Everymanby Philip Roth

Houghton Mifflin. 182p $24

The anonymous he of the story may suffer from the usual Rothian dysfunctions (he is restless, vociferous, combative and deeply guilty), but these pale before his universal and perfectly normal grief. Roth’s language is mostly matter-of-fact, but often enough he launches into eloquent spasms of what the Germans call erlebte Rede (lived discourse), where writer and character breathe as one. Speaking of daily life in the upscale Starfish Beach retirement community, Roth observes: How long could he watch the tides flood in and flow out without his remembering, as anyone might in a sea-gazing reverie, that life had been given to him, as to all, randomly, fortuitously, and but once, and for no known or knowable reason?’

There is a story here, but it is largely banal and depressing. He abandoned his first unloved wife, Cecilia, and their two sons for a passionate Quaker, Phoebe, with whom he had one flawless, Cordelia-like daughter, Nancy, only to drift into a second adultery with Merete, a young Danish model, whom he later foolishly married and (naturally) divorced.
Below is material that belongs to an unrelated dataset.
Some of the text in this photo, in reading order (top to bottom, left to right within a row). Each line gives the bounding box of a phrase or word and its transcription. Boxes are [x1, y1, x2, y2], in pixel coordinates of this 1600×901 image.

There were various love affairs, none of them lasting; and after fleeing attackable Manhattan (post-9/11), he spent his final years alone (his last meaningful conversation was with the affable black grave-digger who had buried his parents).

The main focus of his life, at least from the vantage point of old age, has been the recurrent emergencies and hospitalizations: hernia at 9, ruptured appendix at 34, then open-heart surgery, renal angioplasty, carotid artery surgery and on and on till death from cardiac arrest while under the knife for still more carotid artery repair. (Ever since Patrimony [1991], the moving account of his father’s death from a brain tumor and his own near-death from heart trouble, Roth has, like many older Americans these days, learned a lot more about high-tech medicine than he ever wanted to.)
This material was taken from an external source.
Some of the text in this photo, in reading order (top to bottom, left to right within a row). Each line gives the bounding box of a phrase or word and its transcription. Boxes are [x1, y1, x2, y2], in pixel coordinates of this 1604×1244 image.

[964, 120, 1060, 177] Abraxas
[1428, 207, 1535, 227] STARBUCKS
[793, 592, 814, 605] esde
So, ethically or esthetically or philosophically speaking, Everyman has not had much of a life. Nor does he have much of a death: no radical insights, epiphanies, confessions, reconciliations, acceptancesnothing. Well, not nothing actually: as he hears about, and responds to, the terminal illnesses of old friends and acquaintances, his voice—i.e., Roth’s ventriloquistic voice—takes on a certain grandeur, at its best like the rumbling, wrathful periods of Moses (himself at death’s door) in Deuteronomy:

Yet what he’d learned was nothing when measured against the inevitable onslaught that is the end of life. Had he been aware of the mortal suffering of every man and woman he happened to have known during all his years of professional life, of each one’s painful story of regret and loss and stoicism, of fear and panic and isolation and dread, had he learned of every last thing they had parted with that had once been vitally theirs and of how, systematically, they were being destroyed, he would have had to stay on the phone through the day and into the night, making another hundred calls at least. Old age isn’t a battle; old age is a massacre.
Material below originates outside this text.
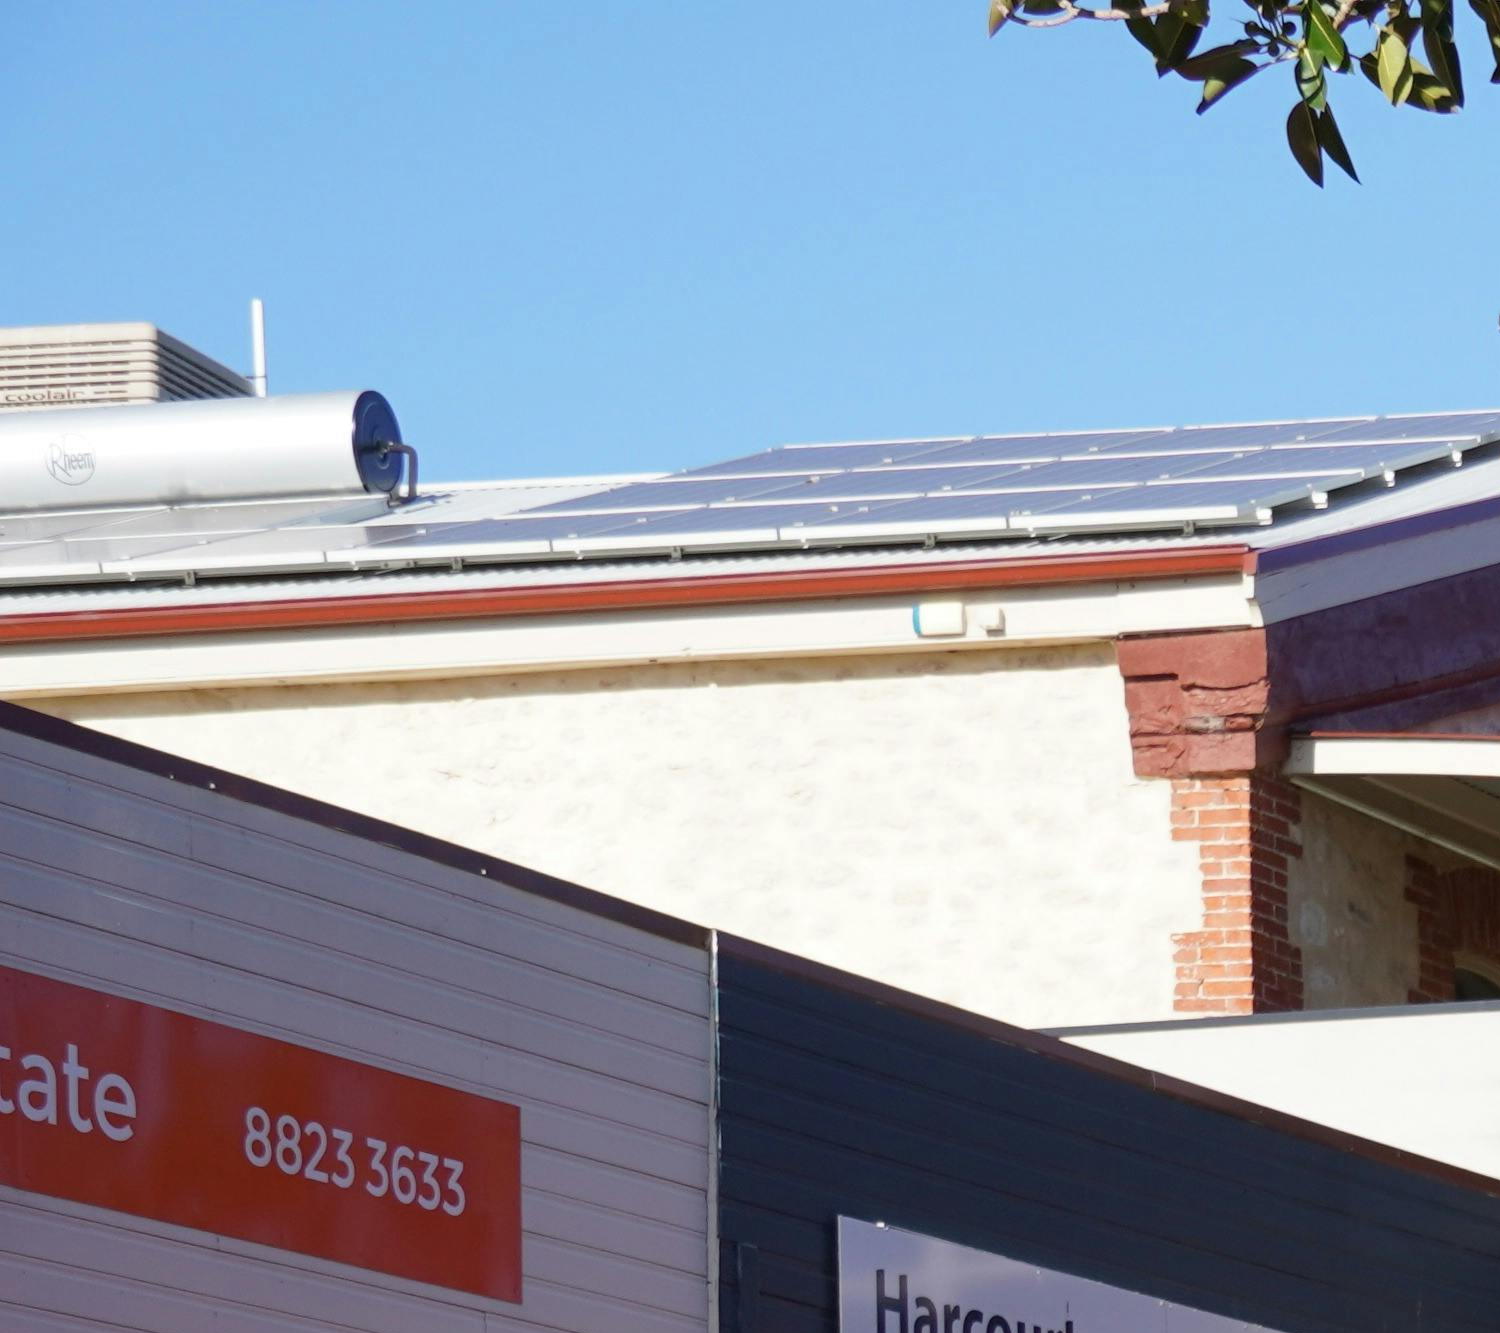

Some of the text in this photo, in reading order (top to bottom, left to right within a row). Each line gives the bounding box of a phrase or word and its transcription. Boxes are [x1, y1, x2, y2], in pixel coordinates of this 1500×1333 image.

Or maybe the appropriate biblical parallel is not Moses, but Job. Despite his proverbial patience, Job is vehemently impatient in his nonstop complaints and his refusal to be consoled. Worse yet, he knows there is really no arguing with God. And, sure enough, when the Lord does answer from out of the whirlwind, he never explains or even addresses Job’s agonies. But, if nothing else, Job gets to complain loud and long. (He also gets his health and wealth and a new family; but then he dies like everyone else, and this at a point in Jewish history when death was still thought to be forever.)

Roth’s Everyman is, of course, no moral paragon like Job; but so what? The point is, as the anonymous author of Job laments, Man that is born of a woman is of few days, and full of trouble (14:1). Believers and unbelievers alike can agree on that ageless truth; and Roth’s latest book hauntingly echoes it.